We map out goals. We build timelines. We align budgets and programs. This work is important because it keeps everything moving. It is often focused on financial stability too, and we don’t have enough of that in the sector! A lot of what we do and call strategic planning is really just planning. There is no strategy involved.
Roger Martin, Professor Emeritus at University of Toronto’s Rotman School of Management, says that planning helps you “stay in the game” while strategy helps you “win” the game.
What’s the difference?
Planning is organizing what you already know. It clarifies steps, roles, and responsibilities. Done well, it can improve coordination across teams, and efficiencies in the organization.
Strategy is different. Strategy is making choices based on your own strengths and community needs, while acknowledging you don’t have all the answers yet.
When you are focused on strategy, you work through tensions. You are often asking questions like:
- Where should we really focus?
- What are we best at?
- What are we willing to say no to?
- What might we try even if we can’t prove it will work yet?
Strategy is hard, and it’s about tough choices. Leaders, both staff and board, should be asking questions like:
- Do we invest in stronger talent, even if it stretches us financially?
- Do we expand who we serve—or get more focused?
- Are we holding onto programs because they’re funded…or because they’re core?
- What needs to change inside our organization to actually do this well?
Strategy makes you really clear on what you are going to say yes to, and what you are going to say no to. Then, it’s a commitment to build the organization in a way that your “yeses” have the most success.
What is similar (between planning and strategy)?

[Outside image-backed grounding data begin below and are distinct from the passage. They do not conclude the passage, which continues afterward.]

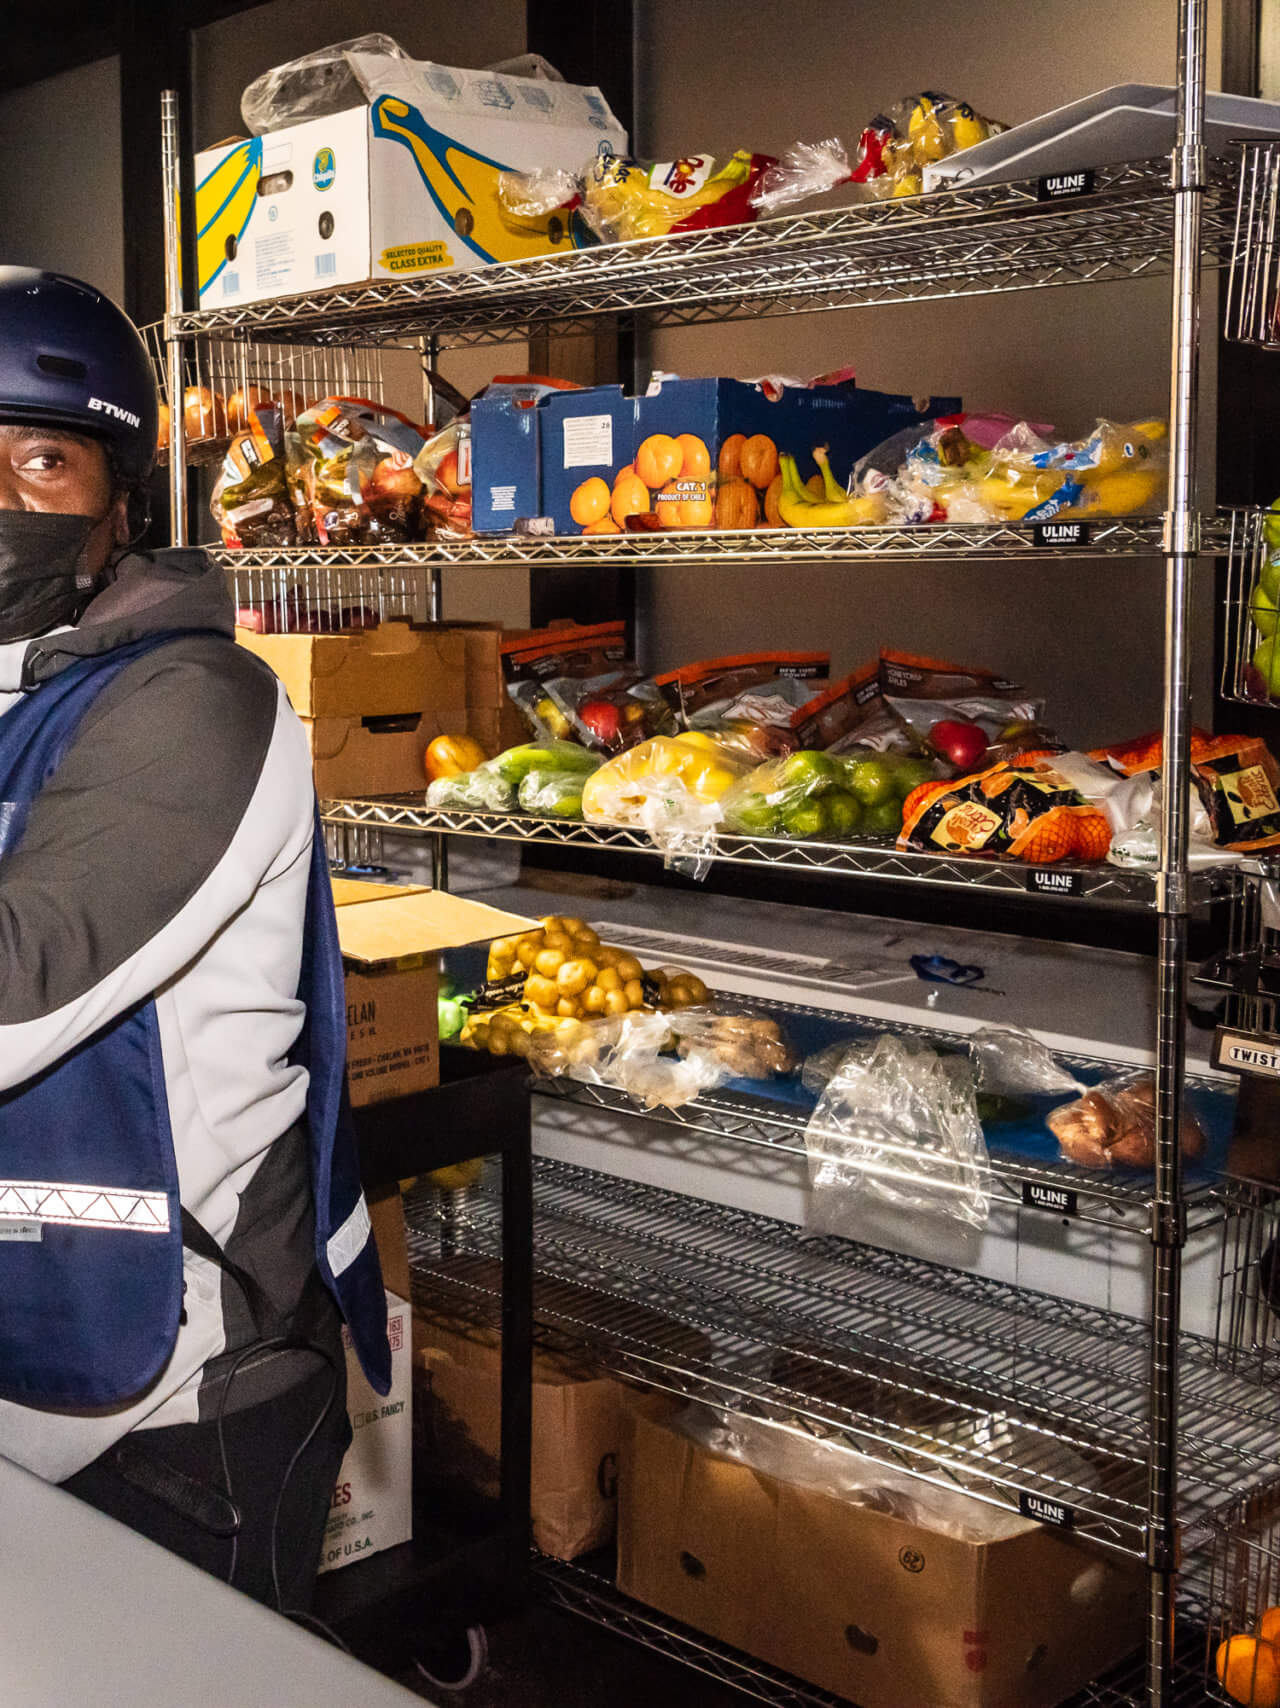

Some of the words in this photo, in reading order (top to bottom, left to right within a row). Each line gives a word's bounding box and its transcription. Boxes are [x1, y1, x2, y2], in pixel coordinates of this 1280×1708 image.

[670, 156, 705, 194] Dole
[1046, 173, 1086, 191] ULINE
[386, 248, 417, 259] SELECTED
[417, 244, 442, 256] QUALITY
[390, 258, 417, 271] CLASS
[417, 254, 444, 267] EXTRA
[87, 396, 141, 429] BTWIN
[676, 482, 698, 491] CAT.
[1041, 524, 1081, 538] ULINE
[1034, 872, 1073, 888] ULINE
[1233, 1047, 1278, 1068] TWIST
[1031, 1186, 1069, 1206] ULINE
[380, 1401, 405, 1419] FANCY
[1027, 1497, 1065, 1521] ULINE

Both strategy and planning should focus on clear logic. You are mapping out the what, the how, and the who. You are asking questions like: what do we want to accomplish, how will we do it, and what skills and processes do we need to make it work?
Strategy, however, goes deeper, and it should start before planning. Strategy considers questions like:
- Based on what we are doing well, how might we deepen our impact?

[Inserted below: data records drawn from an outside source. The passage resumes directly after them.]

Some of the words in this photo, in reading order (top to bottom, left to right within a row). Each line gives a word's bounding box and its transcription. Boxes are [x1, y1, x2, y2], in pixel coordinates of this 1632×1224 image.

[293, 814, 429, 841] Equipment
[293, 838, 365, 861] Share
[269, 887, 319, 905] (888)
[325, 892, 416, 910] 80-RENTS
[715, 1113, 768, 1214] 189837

- Where in the community are our services needed most?
- How can we replicate what is working well?
- What do we need to stop doing?
We must choose both
You still must deliver on funded programs. You still have commitments to your community. You can’t pivot all programming overnight, but COVID taught us we do have to pivot quickly.
Everything around us is changing—funding, needs, expectations. Hold steady where you are strong and where you must because of funding. But make sure you ask: where should we be making some smart bets? And I use the word “bet” because they are bold decisions that you are free to learn from and adapt as you learn more.

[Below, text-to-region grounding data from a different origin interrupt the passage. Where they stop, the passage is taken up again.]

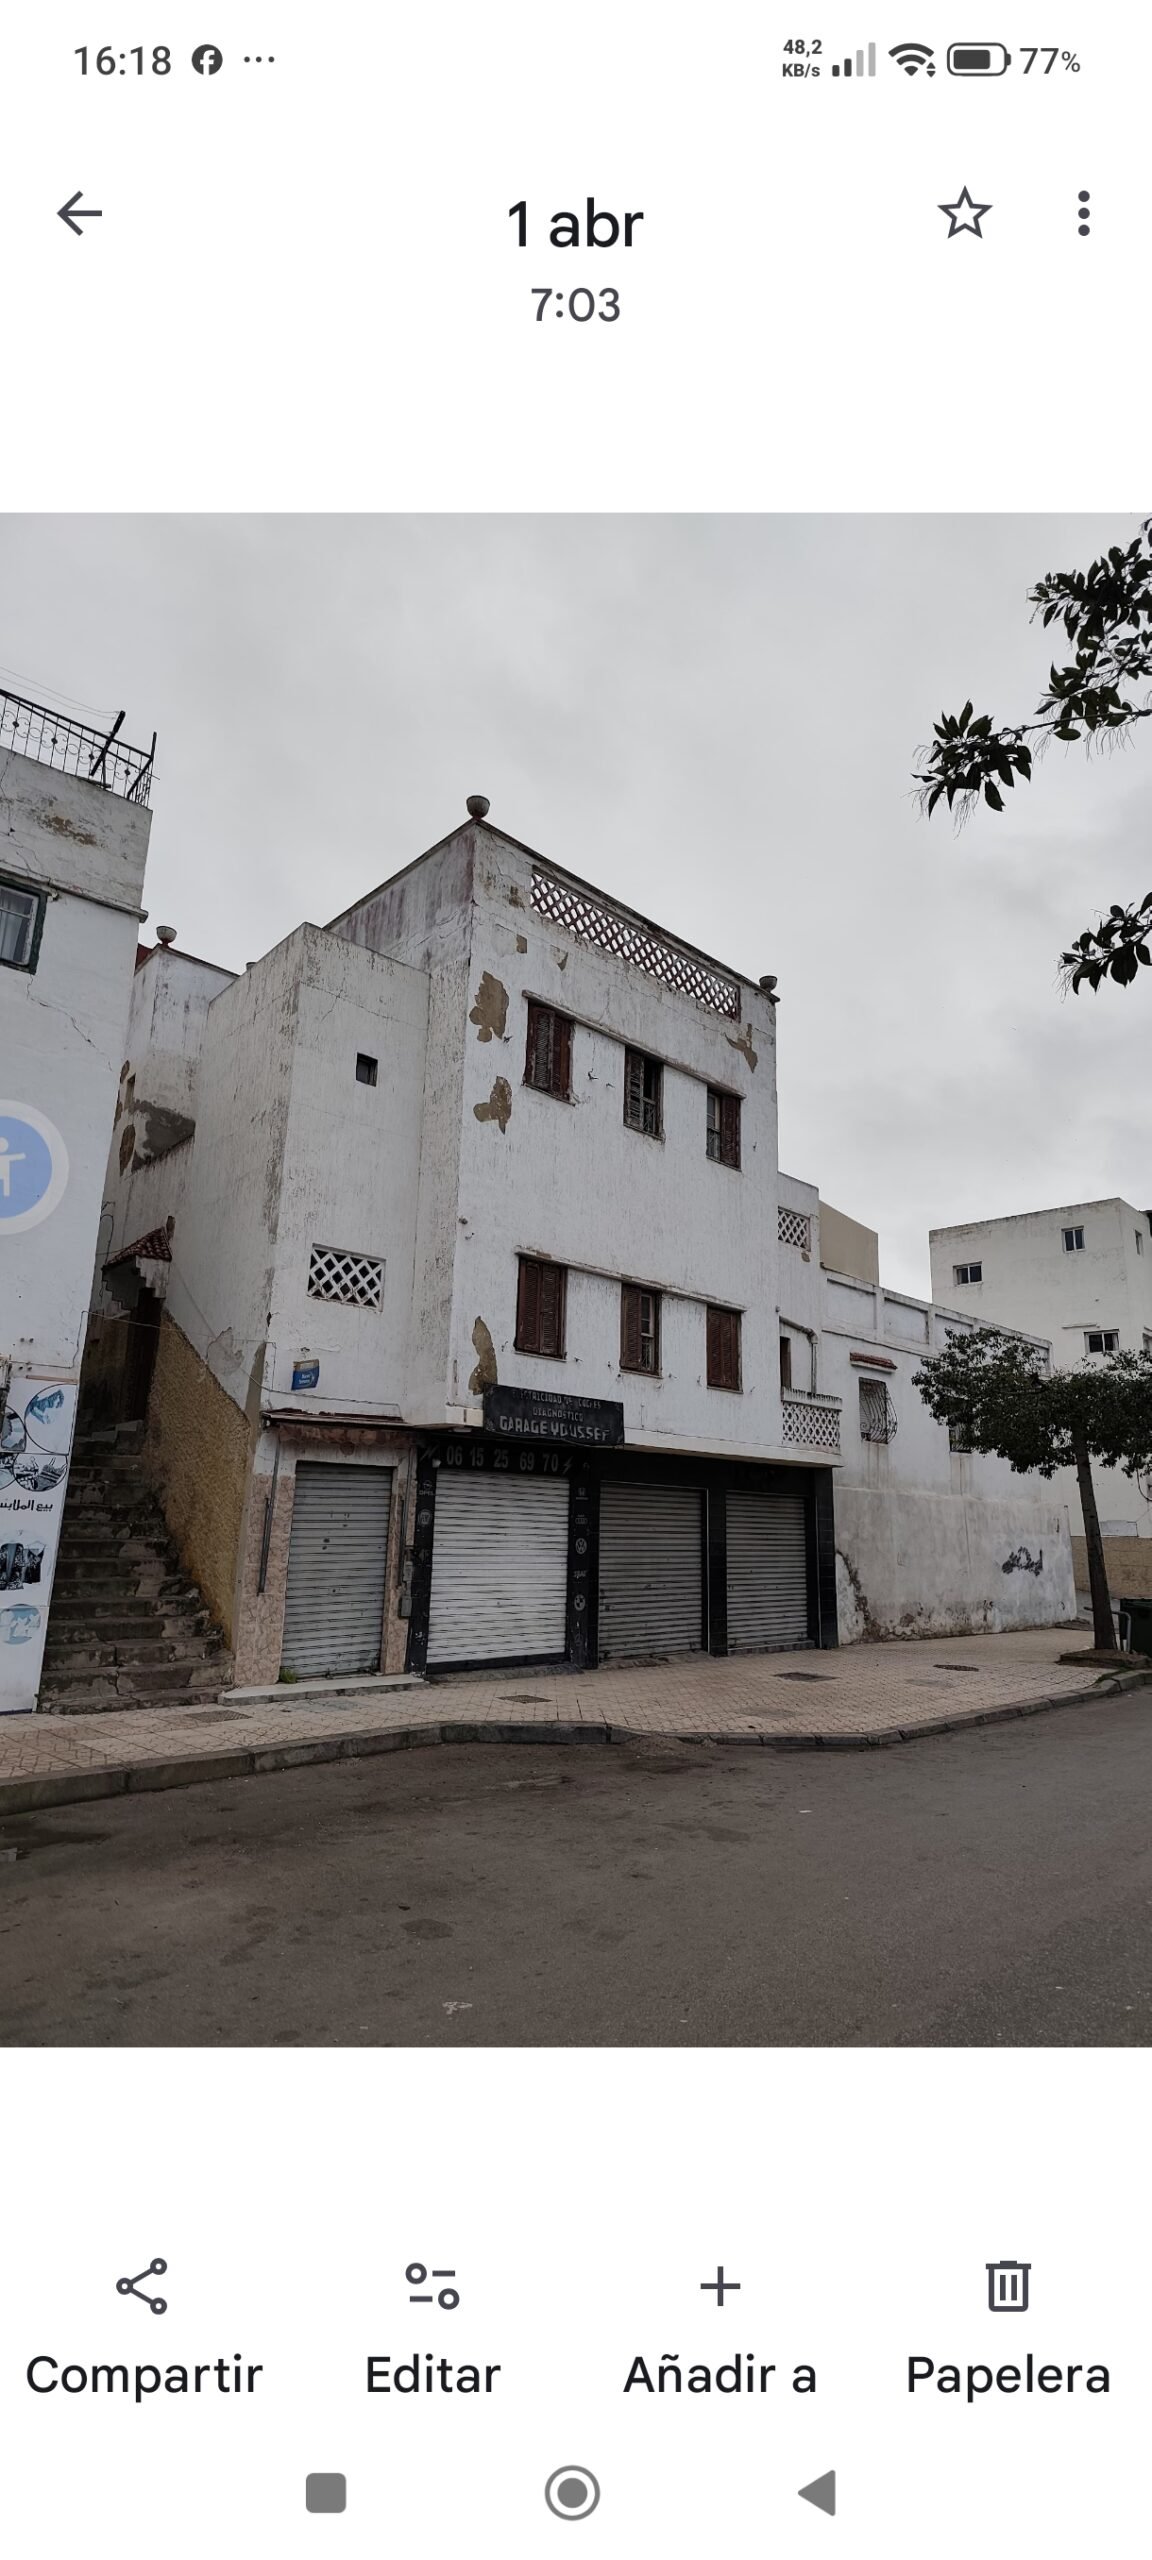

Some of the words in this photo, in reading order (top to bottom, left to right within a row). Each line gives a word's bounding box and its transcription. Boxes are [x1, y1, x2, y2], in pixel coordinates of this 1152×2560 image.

[499, 1415, 548, 1434] GARAGE
[550, 1421, 611, 1441] YOUSSEF
[446, 1444, 463, 1466] 06
[469, 1446, 484, 1467] 15
[492, 1448, 509, 1469] 25
[519, 1451, 535, 1472] 69
[541, 1453, 559, 1473] 70
[36, 1503, 54, 1512] بيع

A tool that helps: the Strategy Screen
One of the ways we support this at Heightened Development is by helping organizations create their own unique strategy screen. We write about this more here. A strategy screen is a group of questions that leaders in the organization choose to answer with daily decisions, so that their choices align with their strategy. In the video below, Karen Riordan, CEO of Together SC, talks about how they utilize their unique strategy screen daily.
P.S. Planning keeps your organization running. Strategy helps it evolve. Nonprofit leaders need both. If you’re feeling like something needs to shift, even if you can’t fully prove it yet, you are probably thinking strategically. If your goal is evolution to even greater impact, stay on that path!